Leonhartsberger explained that the acquisition was not solely motivated by adding capacity, with the site adding fill and finish capabilities to the unit, allowing it to produce final drug product.
She explained that the site also gave the company ‘additional experience’ in producing live microbials and vaccines.
Regarding potential further investment, whilst other parts of business faces difficulties, she said, “The company has some challenges on the polysilicon side, but we made the Synco acquisition last year, so the company has supported us when we required the capacity.”
“In the future, I think Wacker realizes that the business here is growing, and they want that alongside the more traditional chemical and polysilicon businesses,” she concluded.
The CDMO market for biologics is a competitive space, including the likes of large, established players, such as Lonza and Catalent that continue to invest in capabilities.

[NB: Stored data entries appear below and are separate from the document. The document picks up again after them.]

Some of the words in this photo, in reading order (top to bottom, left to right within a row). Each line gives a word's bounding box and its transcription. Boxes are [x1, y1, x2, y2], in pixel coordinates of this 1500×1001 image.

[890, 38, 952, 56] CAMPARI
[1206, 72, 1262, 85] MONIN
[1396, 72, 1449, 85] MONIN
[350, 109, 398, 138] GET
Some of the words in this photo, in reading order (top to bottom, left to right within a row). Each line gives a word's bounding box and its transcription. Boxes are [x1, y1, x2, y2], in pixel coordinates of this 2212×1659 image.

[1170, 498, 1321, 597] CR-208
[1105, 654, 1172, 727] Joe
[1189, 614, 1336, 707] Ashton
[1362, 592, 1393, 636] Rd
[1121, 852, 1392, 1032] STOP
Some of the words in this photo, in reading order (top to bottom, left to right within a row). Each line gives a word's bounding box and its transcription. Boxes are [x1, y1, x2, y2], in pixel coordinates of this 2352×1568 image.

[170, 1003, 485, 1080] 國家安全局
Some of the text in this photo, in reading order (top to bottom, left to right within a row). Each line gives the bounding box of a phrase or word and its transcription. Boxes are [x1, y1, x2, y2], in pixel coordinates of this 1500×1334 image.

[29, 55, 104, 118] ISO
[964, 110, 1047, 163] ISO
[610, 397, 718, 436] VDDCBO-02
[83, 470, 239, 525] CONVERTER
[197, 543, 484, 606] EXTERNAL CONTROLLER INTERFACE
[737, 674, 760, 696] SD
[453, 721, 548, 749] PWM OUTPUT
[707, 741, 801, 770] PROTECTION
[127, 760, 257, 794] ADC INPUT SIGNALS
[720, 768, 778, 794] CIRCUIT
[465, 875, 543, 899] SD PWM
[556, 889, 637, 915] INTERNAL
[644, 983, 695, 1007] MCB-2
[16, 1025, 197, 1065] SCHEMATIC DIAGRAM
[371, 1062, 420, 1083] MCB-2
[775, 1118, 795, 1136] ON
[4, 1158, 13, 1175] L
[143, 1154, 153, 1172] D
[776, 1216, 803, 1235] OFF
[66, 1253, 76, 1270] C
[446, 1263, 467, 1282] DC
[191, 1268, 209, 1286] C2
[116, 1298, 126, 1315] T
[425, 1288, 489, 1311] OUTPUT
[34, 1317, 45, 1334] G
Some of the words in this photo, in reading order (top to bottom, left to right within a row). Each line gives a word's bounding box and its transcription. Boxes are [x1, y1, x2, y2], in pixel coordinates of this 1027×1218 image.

In addition, Wacker is not the only large multinational company that is eyeing up the potential of the biologics CDMO space, with Fujifilm deploying capital to expand offerings, including spending $890m on one site for the large-scale production of biologics.
When BioPharma-Reporter asked Guido Seidel, MD of operations for Wacker Biotech GmbH, why clients would choose the business over rivals, he replied that the unit operates in the niche of microbial expression systems, where it is “backed by good science and technology.”
Seidel noted that he would not expect clients to approach the company regarding full-length antibodies, “However, for other diverse proteins, such as bi-specific or antibody fragments, then customers usually tend to go for microbial expression systems. We believe that we are the leader in such technology, and this is why clients come to us.”
At present, Wacker Biotech has picked up partners that include Novartis, Roche, AstraZeneca, and Biogen to use its expression systems.
Jörg Lindemann, MD of Wacker Biotech B.V., explained that part of the appeal of the microbial approach is that “the manufacture of live microbial products requires fewer process steps than the [traditional] production of pharmaceutical proteins.”
According to Lindemann, the fewer processing steps allows for shorter production times, reducing cost, as well as the process seeing higher yields of native protein.
The Wacker Group announced as part of its full-year 2018 results that lower integration costs during 2019 will see the business develop its EBIDTA ‘significantly’ on the previous year. Wacker will release its second quarter financials on August 1, which will reveal whether the unit is on track to do so.
Beyond 2019, establishing Wacker Biotech’s position in the growing biologic CDMO market will require further investment, through capacity or acquisitions.
On being asked whether this investment looks likely, Leonhartsberger answered, “Both are possibilities, either to build more capacity, if needed, or to go via acquisitions. This isn’t the end of the growth story.”